A person becomes motivated when a want or need influences his will and causes him to act in a way that will achieve that desire. Motivation is not solely the person’s desire, but a combination of the desire and him working toward its fulfillment that constitutes him as having motivation. This same principle can also occur within a group. For example: The group members want a three-day weekend, but their task has to be completed this week. The group agrees to work extra hours and completes the task a day early. Thus, the group’s will was influenced strongly enough that they were able to attain their desire. In this case, the impulse came from an “I want…” within each of the group members. Producing and sustaining this impulse within the group is where the leader may find motivation to become a difficult skill to master. Even though the group has a task to complete, the leader may not always know what incentives will cause them to pursue it.
When trying to generate motivation, the leader has at his disposal two forms of incentives, positive and negative. The leader can imagine these as two keys, each in a lock with many notches. What the leader is trying to do is find the right notch that lets him open the door. In other words, he is trying to find what he must say or do to motivate the team. Positive incentives are used to reward good behavior and negative incentives are used to discourage bad behavior. Using them in other ways will cause confusion, resentment, and eventually mutiny. For example: for every 1,000 units a person sells, he receives a $10 bonus. This is a positive incentive linked to an acceptable behavior. On the same note, for every 15 minutes a person is late for work, he will receive a point, if a certain amount of points are reached in a month, the person will receive a formal reprimand. This is a negative incentive linked to an unacceptable behavior.

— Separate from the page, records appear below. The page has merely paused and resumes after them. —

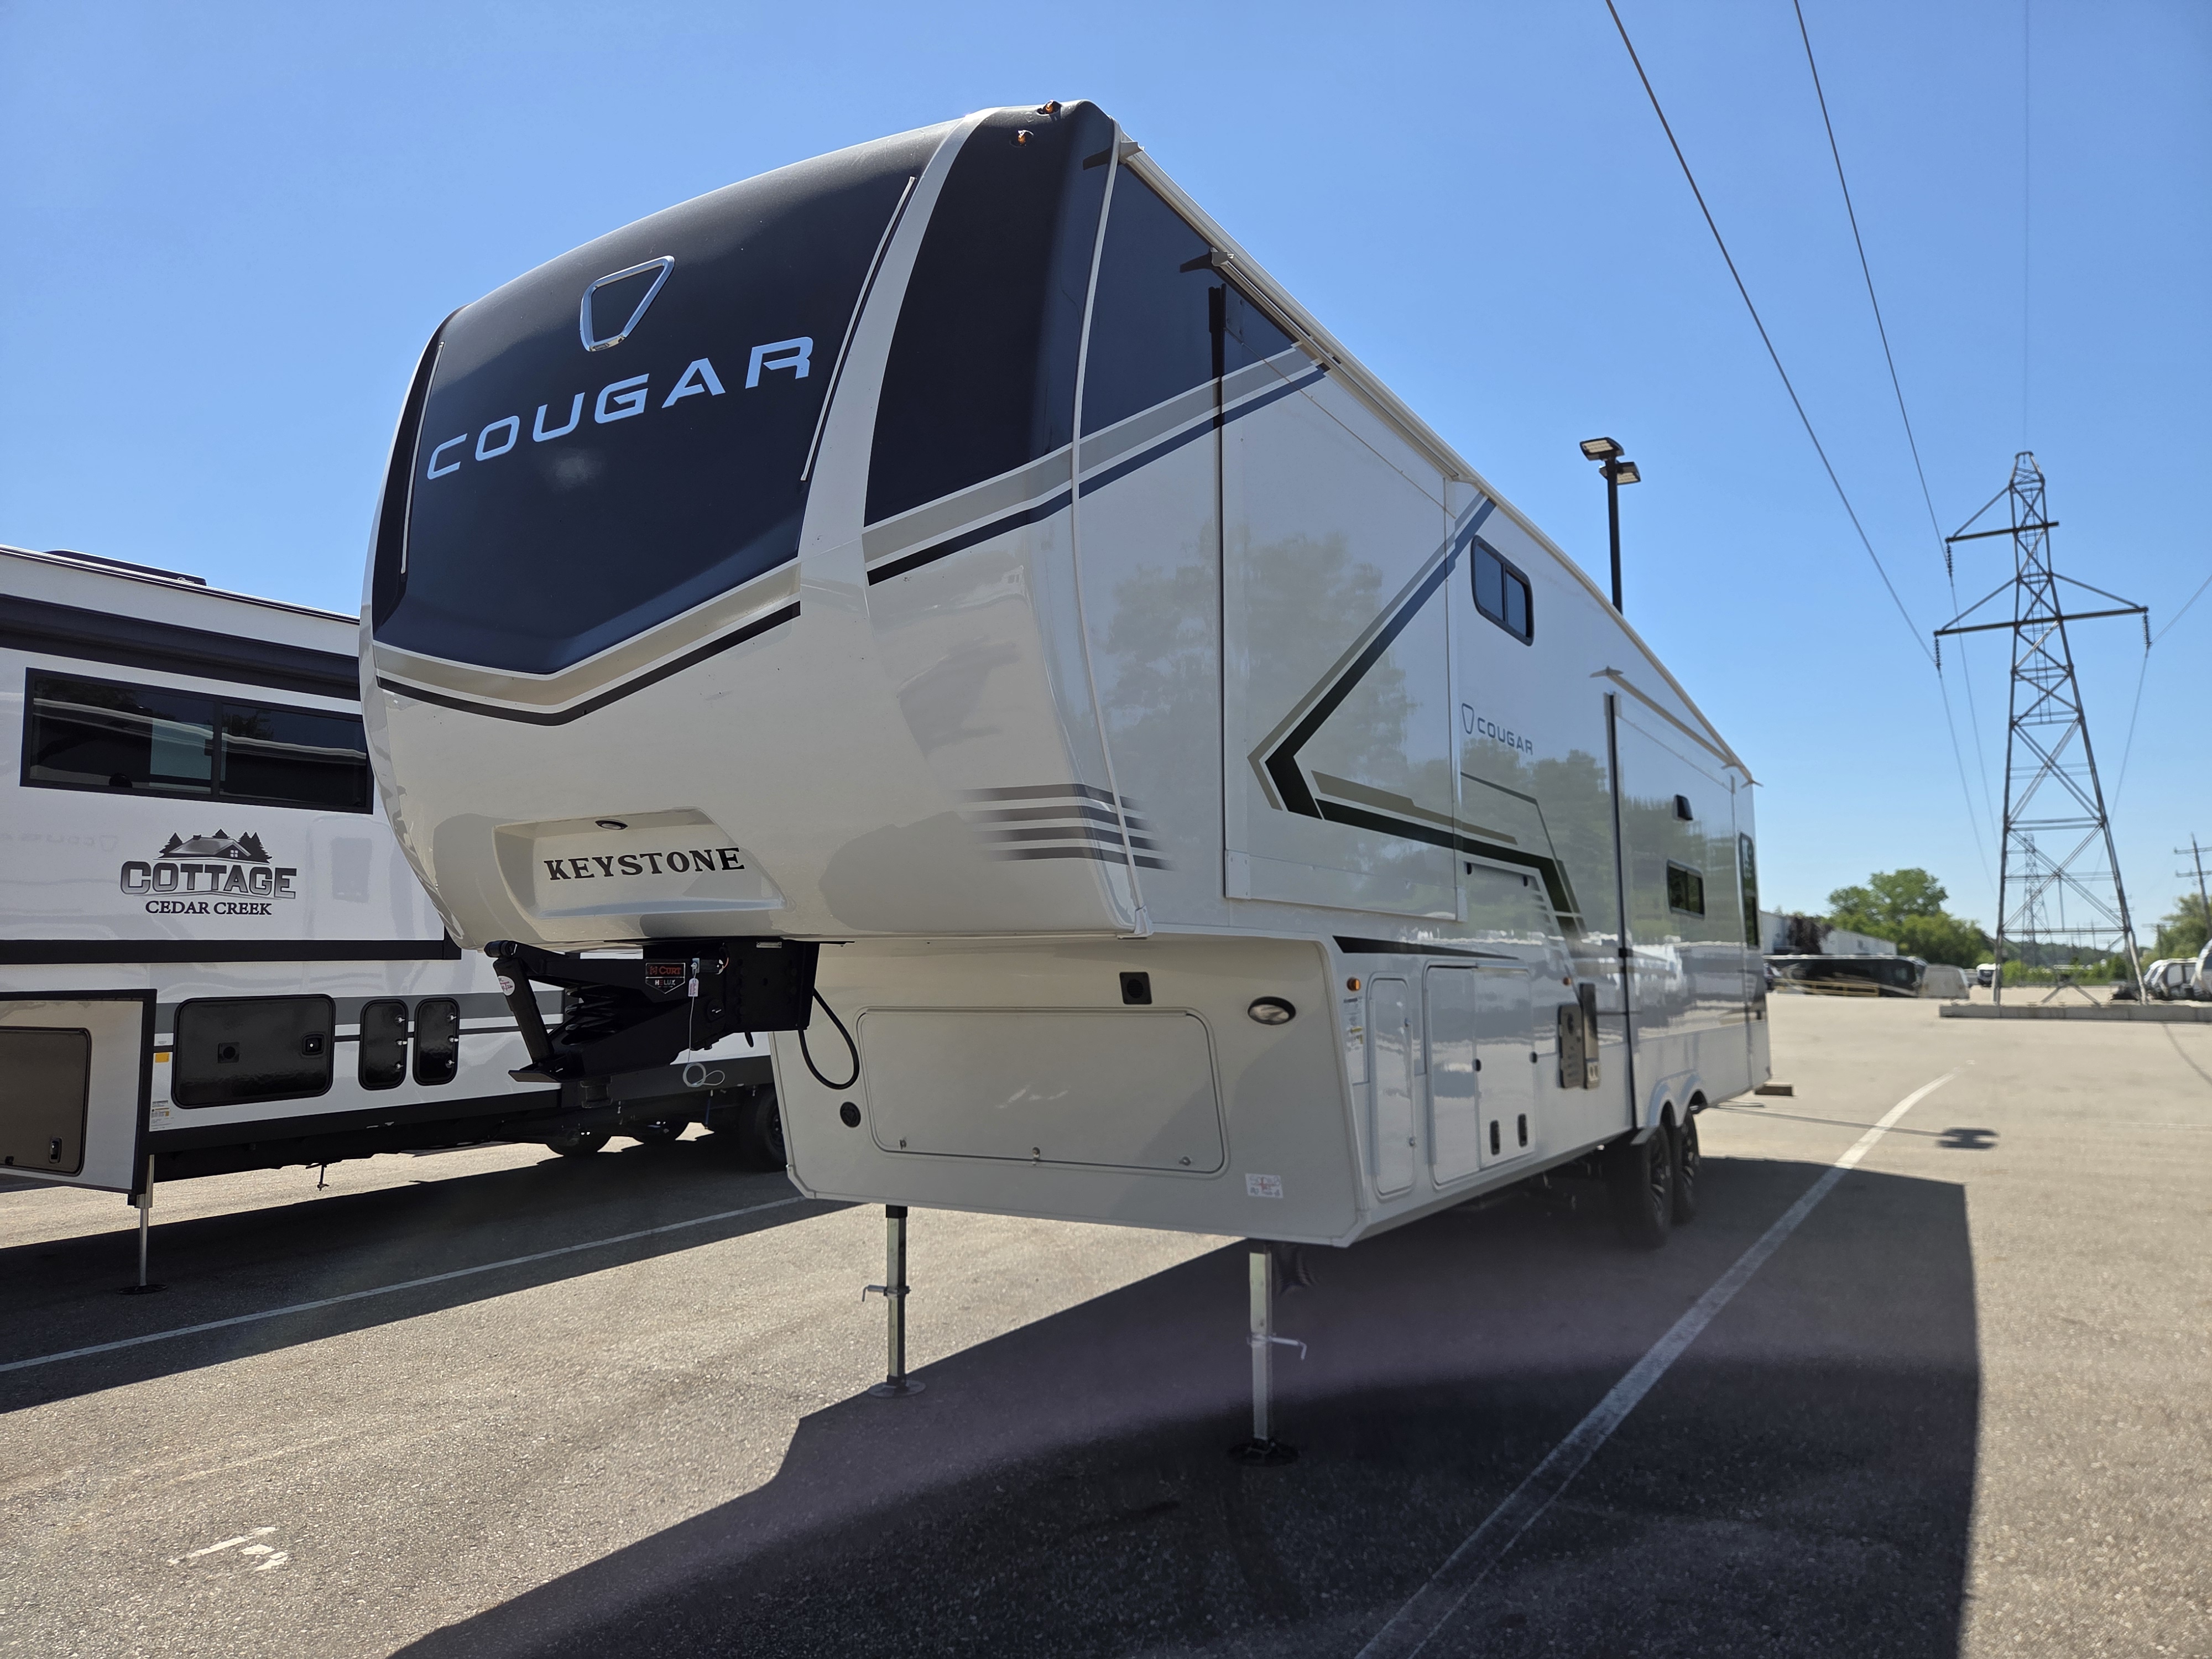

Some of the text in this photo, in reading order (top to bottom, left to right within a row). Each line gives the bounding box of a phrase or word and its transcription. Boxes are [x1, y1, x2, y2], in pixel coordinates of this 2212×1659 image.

[427, 337, 813, 479] COUGAR
[1478, 717, 1533, 755] COUGAR
[121, 860, 297, 899] COTTAGE
[544, 847, 745, 880] KEYSTONE
[145, 900, 272, 915] CEDAR CREEK

The park is the type of working environment that will quickly deplete all of a group’s motivation. Working 12 to 13 hour shifts, six days a week, in the summer sun, with short breaks, and constant aggravation from guests will take all a person has just to get through the day. One of management’s answers to this was a motivation seminar for supervisors. It was held about three or four weeks into the season when they felt morale levels would start to drop. Unfortunately, I found this seminar to be of little help, all the suggestions on how to keep ourselves motivated seemed silly and unrealistic; and the ones for motivating our crews were geared towards elementary school students rather than high school and college level. Aside from this, the park also offered two employee ride nights and two employee picnics which were big successes. Other motivational offers from the park included: free admission tickets, water bottles, and t-shirts for working a certain number of hours, our IDs equaled season passes, and there was a bonus wage paid on each hour we worked provided we did not break our contract.

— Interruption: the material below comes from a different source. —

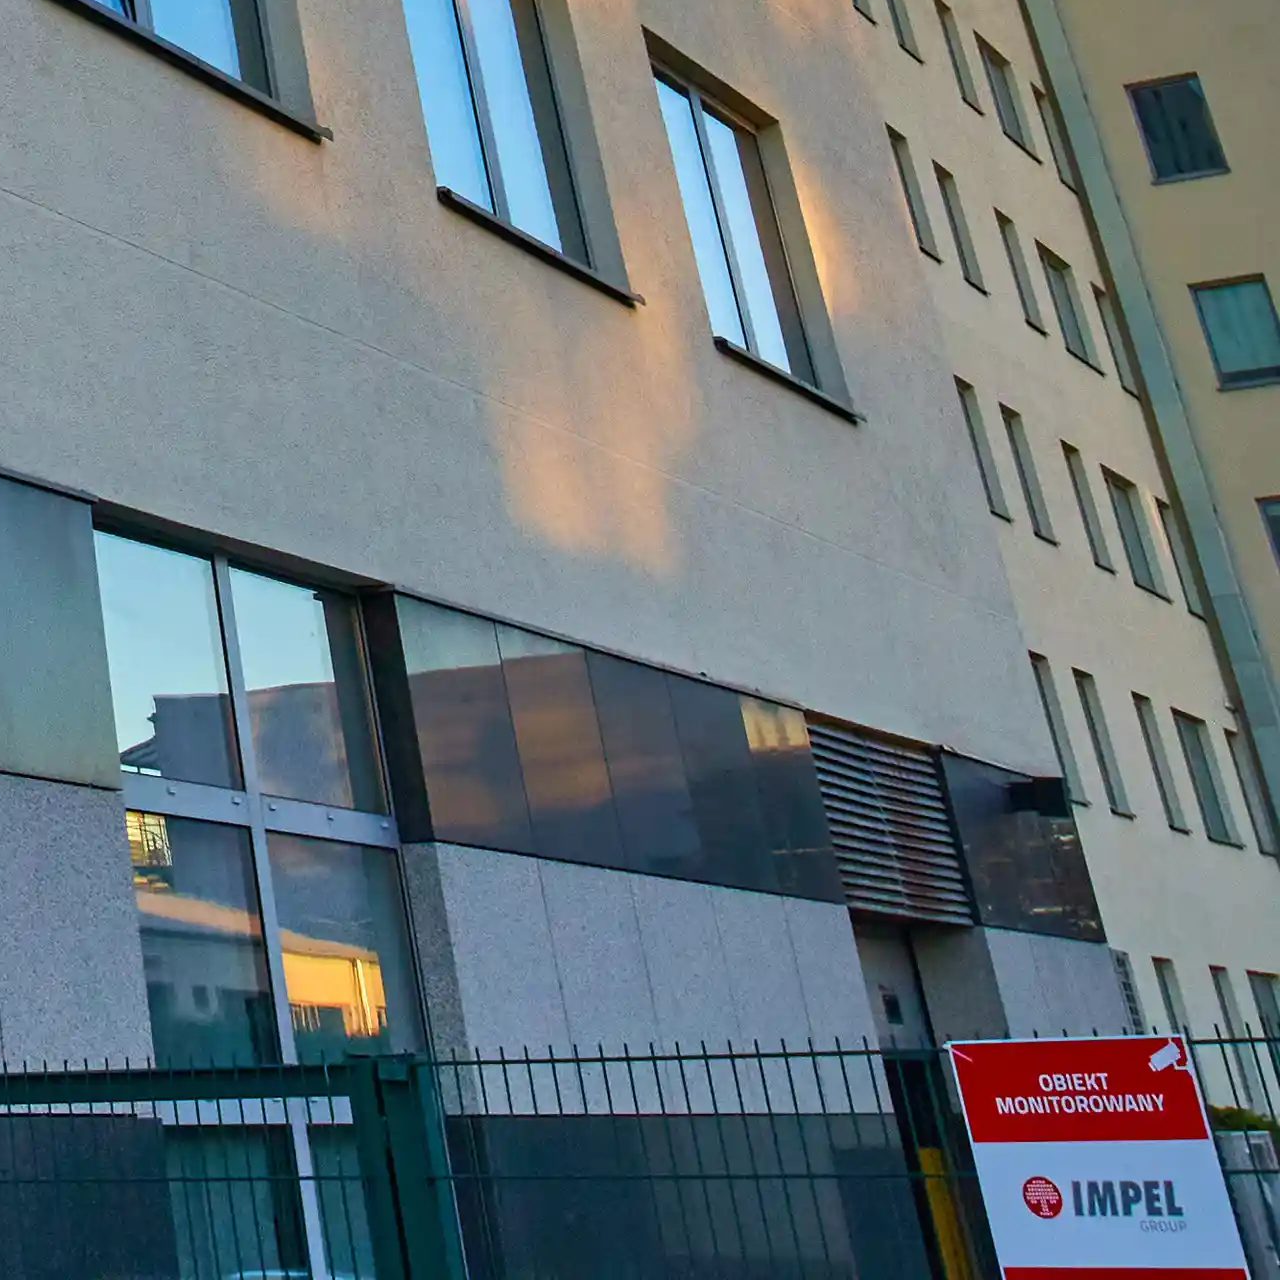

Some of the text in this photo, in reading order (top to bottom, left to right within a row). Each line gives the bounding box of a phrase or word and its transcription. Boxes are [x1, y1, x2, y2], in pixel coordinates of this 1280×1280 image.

[1038, 1072, 1108, 1092] OBIEKT
[995, 1093, 1165, 1115] MONITOROWANY
[1071, 1179, 1184, 1217] IMPEL
[1140, 1220, 1187, 1233] GROUP

While these extras were great to have, there was still the need for day-to-day motivation. Tactics I used for this included: praising employees as often as I could, making light reprimands, pep talks before and after work, stepping between them and irate guests, Friday ride night, longer lunch breaks, telling jokes and funny stories, and rotating position every hour. Nobody quit and complaints were usually about rude guests so I think these worked out well.